§ What you will do
All entries need to be written out verbatim, with pictures omitted.

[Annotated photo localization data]
|---|
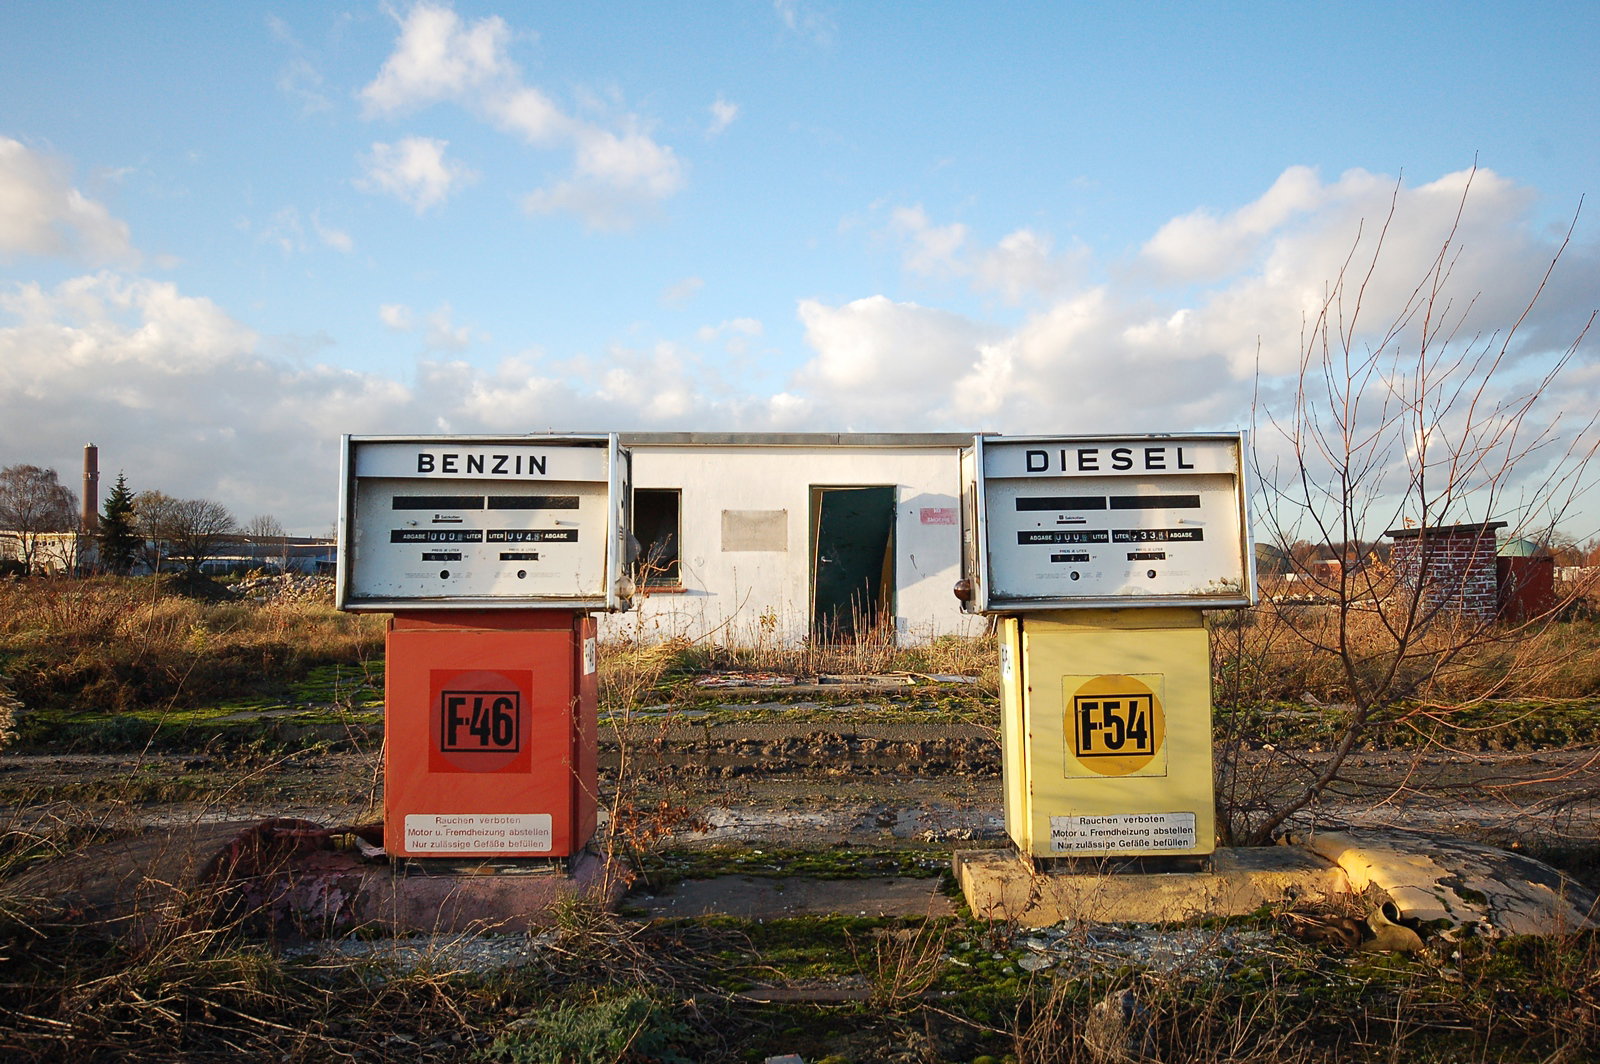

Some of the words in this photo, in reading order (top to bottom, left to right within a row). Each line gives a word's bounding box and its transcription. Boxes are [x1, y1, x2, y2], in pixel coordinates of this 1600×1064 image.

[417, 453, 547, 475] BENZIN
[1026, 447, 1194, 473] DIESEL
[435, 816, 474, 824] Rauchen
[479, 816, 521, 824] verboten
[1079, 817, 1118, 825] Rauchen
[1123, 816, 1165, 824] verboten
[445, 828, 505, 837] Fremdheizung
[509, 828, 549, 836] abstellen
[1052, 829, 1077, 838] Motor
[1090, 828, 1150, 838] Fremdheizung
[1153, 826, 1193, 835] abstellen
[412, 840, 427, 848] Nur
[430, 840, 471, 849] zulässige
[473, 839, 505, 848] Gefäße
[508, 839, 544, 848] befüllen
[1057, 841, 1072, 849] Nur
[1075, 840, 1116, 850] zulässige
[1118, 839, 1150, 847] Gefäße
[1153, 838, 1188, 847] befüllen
|---|
§ Exercise output
Some of the words in this photo, in reading order (top to bottom, left to right within a row). Each line gives a word's bounding box and its transcription. Boxes are [x1, y1, x2, y2], in pixel coordinates of this 1600×1064 image.

[417, 453, 547, 475] BENZIN
[1026, 447, 1194, 473] DIESEL
[435, 816, 474, 824] Rauchen
[479, 816, 521, 824] verboten
[1079, 817, 1118, 825] Rauchen
[1123, 816, 1165, 824] verboten
[445, 828, 505, 837] Fremdheizung
[509, 828, 549, 836] abstellen
[1052, 829, 1077, 838] Motor
[1090, 828, 1150, 838] Fremdheizung
[1153, 826, 1193, 835] abstellen
[412, 840, 427, 848] Nur
[430, 840, 471, 849] zulässige
[473, 839, 505, 848] Gefäße
[508, 839, 544, 848] befüllen
[1057, 841, 1072, 849] Nur
[1075, 840, 1116, 850] zulässige
[1118, 839, 1150, 847] Gefäße
[1153, 838, 1188, 847] befüllen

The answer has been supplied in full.